WORK ITEM:
Reproduce the entries in full. Exclude all images from the copy.

TASK INPUT:
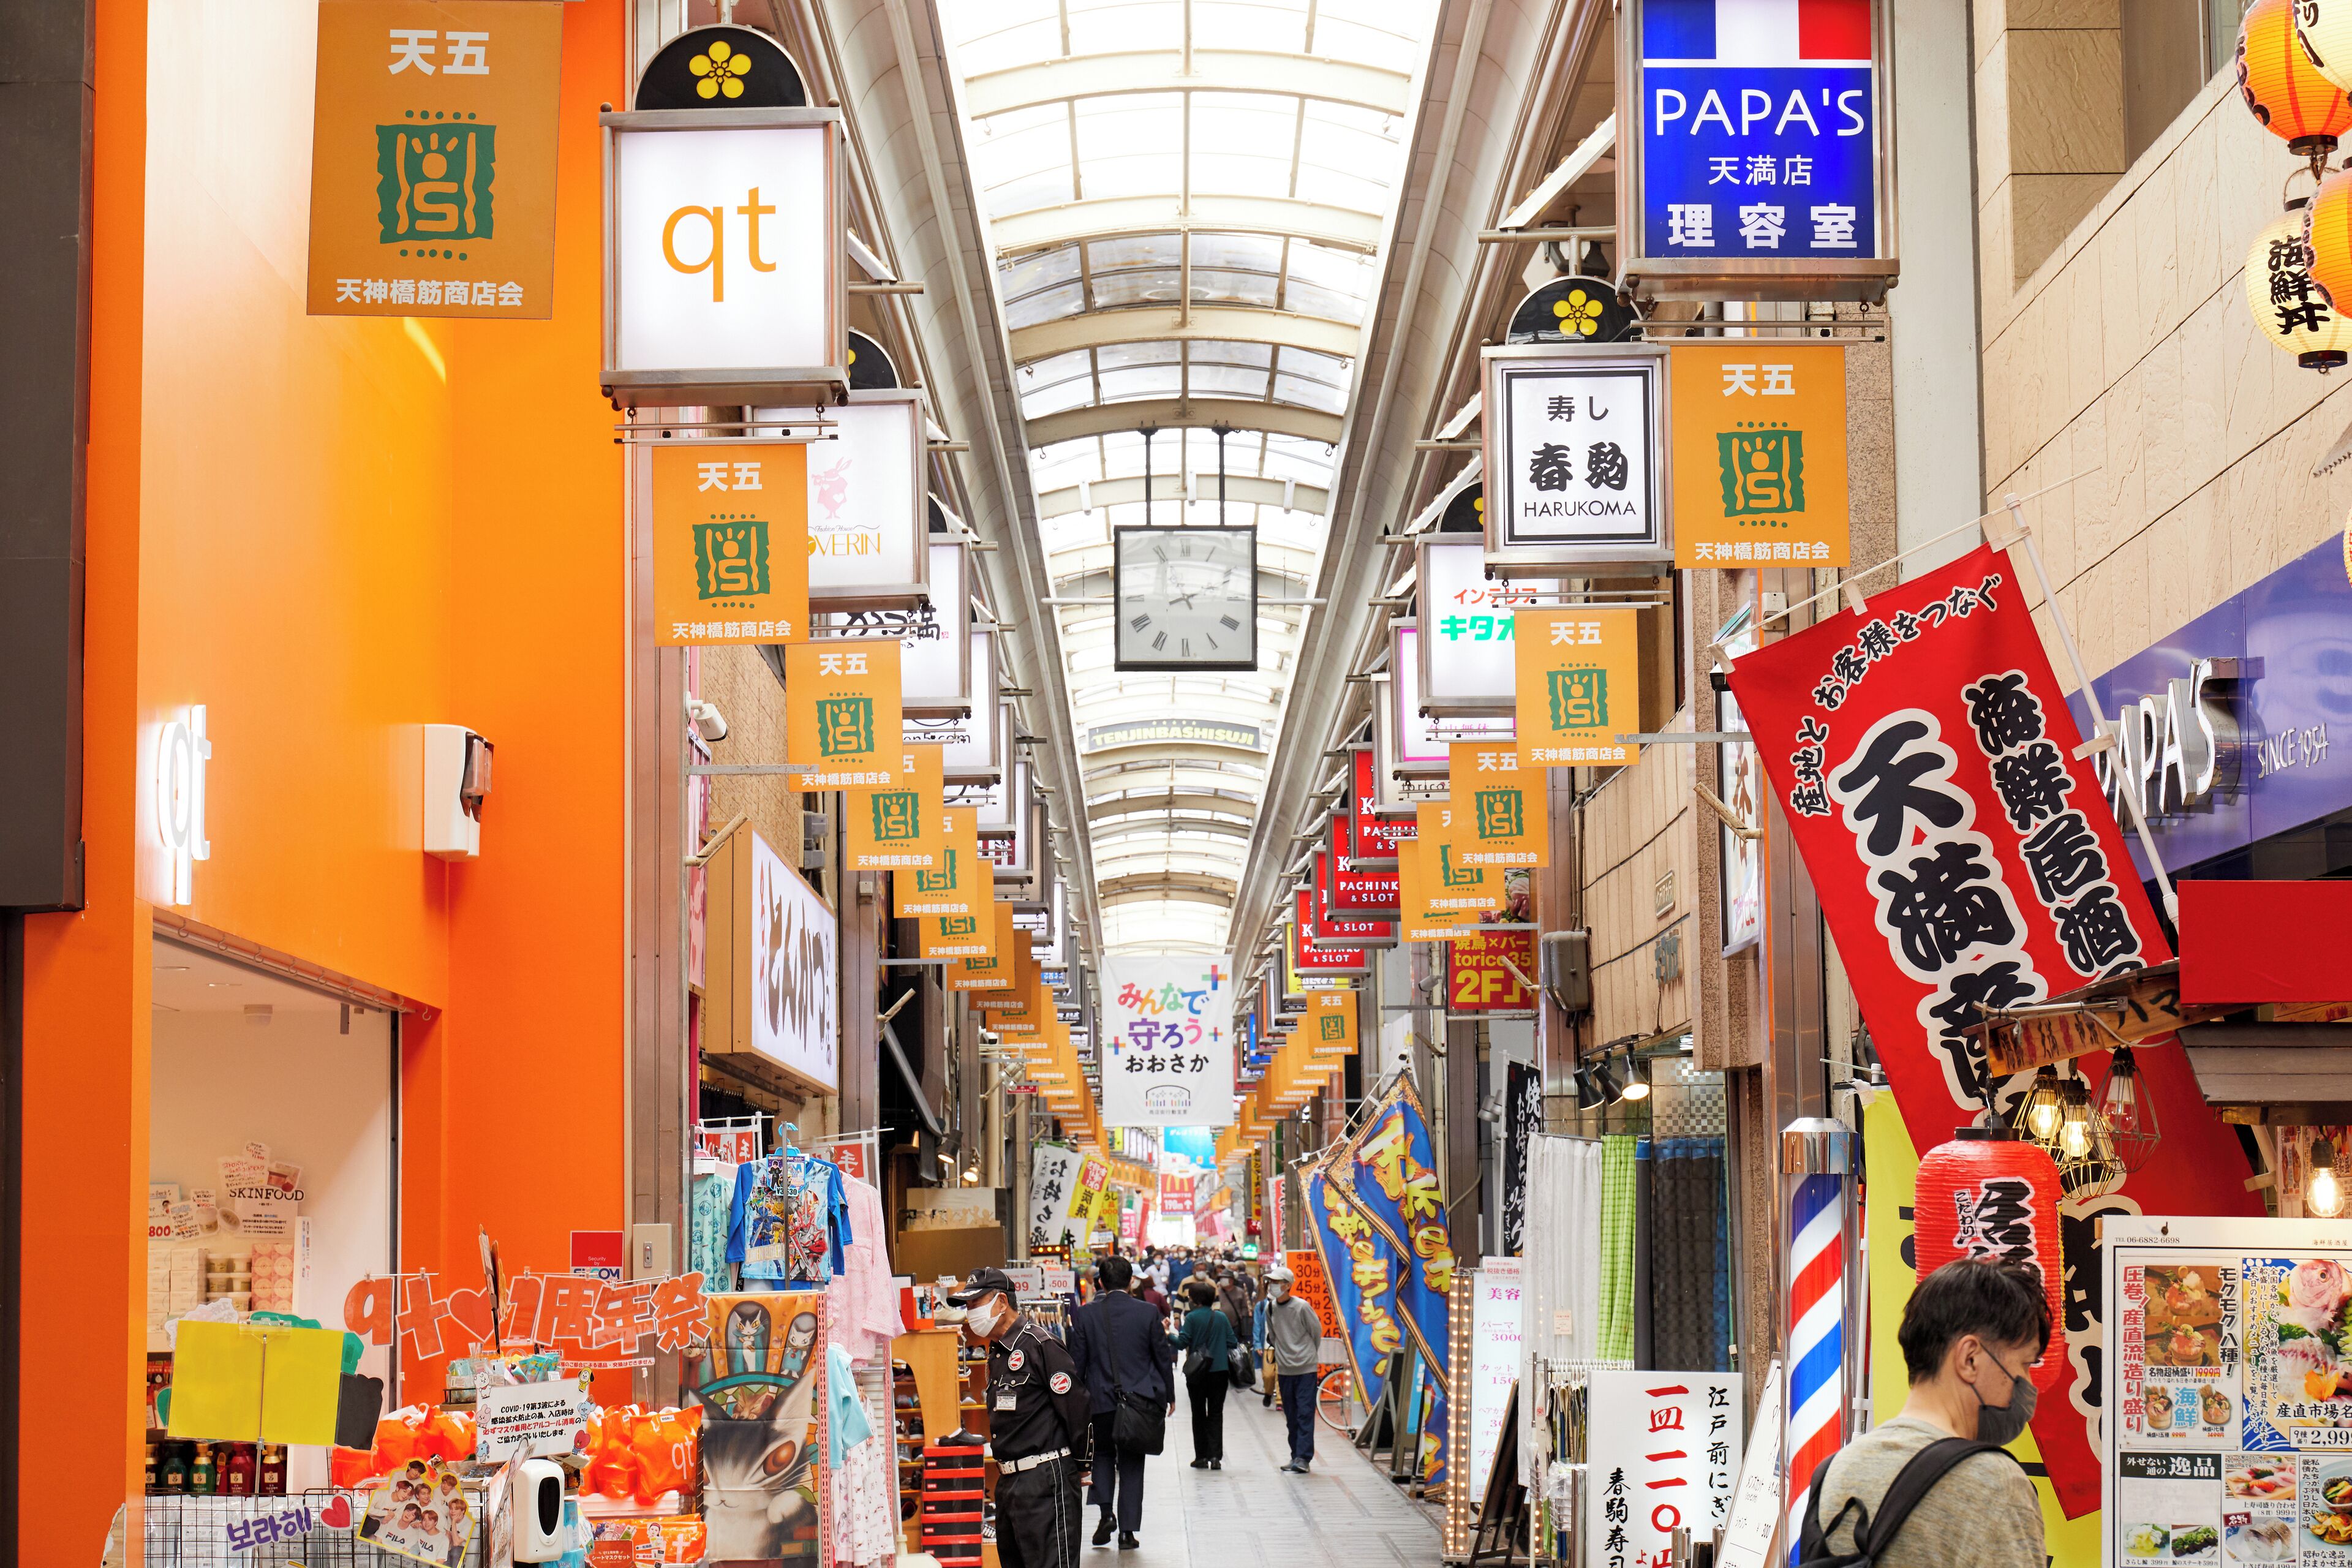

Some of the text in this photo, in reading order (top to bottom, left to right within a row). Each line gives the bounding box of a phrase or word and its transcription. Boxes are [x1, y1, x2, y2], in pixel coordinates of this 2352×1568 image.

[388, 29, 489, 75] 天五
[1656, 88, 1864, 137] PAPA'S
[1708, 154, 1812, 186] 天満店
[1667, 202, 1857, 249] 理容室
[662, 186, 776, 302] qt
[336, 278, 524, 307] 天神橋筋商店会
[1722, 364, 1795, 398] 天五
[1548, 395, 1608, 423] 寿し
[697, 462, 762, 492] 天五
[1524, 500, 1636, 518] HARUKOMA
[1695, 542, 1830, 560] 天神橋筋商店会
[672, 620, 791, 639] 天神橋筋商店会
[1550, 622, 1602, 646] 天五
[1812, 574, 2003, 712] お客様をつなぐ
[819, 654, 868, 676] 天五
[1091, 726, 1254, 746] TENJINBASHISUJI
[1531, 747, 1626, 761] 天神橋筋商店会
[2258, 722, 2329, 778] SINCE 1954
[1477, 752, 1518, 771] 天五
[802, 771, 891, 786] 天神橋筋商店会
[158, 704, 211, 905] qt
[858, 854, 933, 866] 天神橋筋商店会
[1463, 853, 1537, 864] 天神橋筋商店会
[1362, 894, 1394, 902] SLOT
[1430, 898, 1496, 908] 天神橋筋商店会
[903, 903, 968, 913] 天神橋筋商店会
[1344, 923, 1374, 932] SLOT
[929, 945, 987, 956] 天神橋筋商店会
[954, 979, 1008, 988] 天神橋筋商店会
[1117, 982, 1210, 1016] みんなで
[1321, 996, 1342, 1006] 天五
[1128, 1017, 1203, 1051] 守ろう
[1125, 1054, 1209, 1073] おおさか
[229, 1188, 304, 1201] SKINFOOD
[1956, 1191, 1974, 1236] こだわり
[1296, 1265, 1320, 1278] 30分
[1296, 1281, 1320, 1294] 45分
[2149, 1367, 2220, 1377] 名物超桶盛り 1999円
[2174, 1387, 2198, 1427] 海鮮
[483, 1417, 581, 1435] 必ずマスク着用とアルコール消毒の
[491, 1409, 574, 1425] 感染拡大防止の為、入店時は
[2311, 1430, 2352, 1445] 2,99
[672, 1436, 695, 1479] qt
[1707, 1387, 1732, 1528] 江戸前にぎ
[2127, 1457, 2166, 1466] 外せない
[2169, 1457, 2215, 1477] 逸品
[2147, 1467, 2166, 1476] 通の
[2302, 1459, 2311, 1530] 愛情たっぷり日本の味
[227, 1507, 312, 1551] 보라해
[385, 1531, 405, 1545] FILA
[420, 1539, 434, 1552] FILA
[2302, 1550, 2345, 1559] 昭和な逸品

RESPONSE BOX:
Some of the text in this photo, in reading order (top to bottom, left to right within a row). Each line gives the bounding box of a phrase or word and its transcription. Boxes are [x1, y1, x2, y2], in pixel coordinates of this 2352×1568 image.

[388, 29, 489, 75] 天五
[1656, 88, 1864, 137] PAPA'S
[1708, 154, 1812, 186] 天満店
[1667, 202, 1857, 249] 理容室
[662, 186, 776, 302] qt
[336, 278, 524, 307] 天神橋筋商店会
[1722, 364, 1795, 398] 天五
[1548, 395, 1608, 423] 寿し
[697, 462, 762, 492] 天五
[1524, 500, 1636, 518] HARUKOMA
[1695, 542, 1830, 560] 天神橋筋商店会
[672, 620, 791, 639] 天神橋筋商店会
[1550, 622, 1602, 646] 天五
[1812, 574, 2003, 712] お客様をつなぐ
[819, 654, 868, 676] 天五
[1091, 726, 1254, 746] TENJINBASHISUJI
[1531, 747, 1626, 761] 天神橋筋商店会
[2258, 722, 2329, 778] SINCE 1954
[1477, 752, 1518, 771] 天五
[802, 771, 891, 786] 天神橋筋商店会
[158, 704, 211, 905] qt
[858, 854, 933, 866] 天神橋筋商店会
[1463, 853, 1537, 864] 天神橋筋商店会
[1362, 894, 1394, 902] SLOT
[1430, 898, 1496, 908] 天神橋筋商店会
[903, 903, 968, 913] 天神橋筋商店会
[1344, 923, 1374, 932] SLOT
[929, 945, 987, 956] 天神橋筋商店会
[954, 979, 1008, 988] 天神橋筋商店会
[1117, 982, 1210, 1016] みんなで
[1321, 996, 1342, 1006] 天五
[1128, 1017, 1203, 1051] 守ろう
[1125, 1054, 1209, 1073] おおさか
[229, 1188, 304, 1201] SKINFOOD
[1956, 1191, 1974, 1236] こだわり
[1296, 1265, 1320, 1278] 30分
[1296, 1281, 1320, 1294] 45分
[2149, 1367, 2220, 1377] 名物超桶盛り 1999円
[2174, 1387, 2198, 1427] 海鮮
[483, 1417, 581, 1435] 必ずマスク着用とアルコール消毒の
[491, 1409, 574, 1425] 感染拡大防止の為、入店時は
[2311, 1430, 2352, 1445] 2,99
[672, 1436, 695, 1479] qt
[1707, 1387, 1732, 1528] 江戸前にぎ
[2127, 1457, 2166, 1466] 外せない
[2169, 1457, 2215, 1477] 逸品
[2147, 1467, 2166, 1476] 通の
[2302, 1459, 2311, 1530] 愛情たっぷり日本の味
[227, 1507, 312, 1551] 보라해
[385, 1531, 405, 1545] FILA
[420, 1539, 434, 1552] FILA
[2302, 1550, 2345, 1559] 昭和な逸品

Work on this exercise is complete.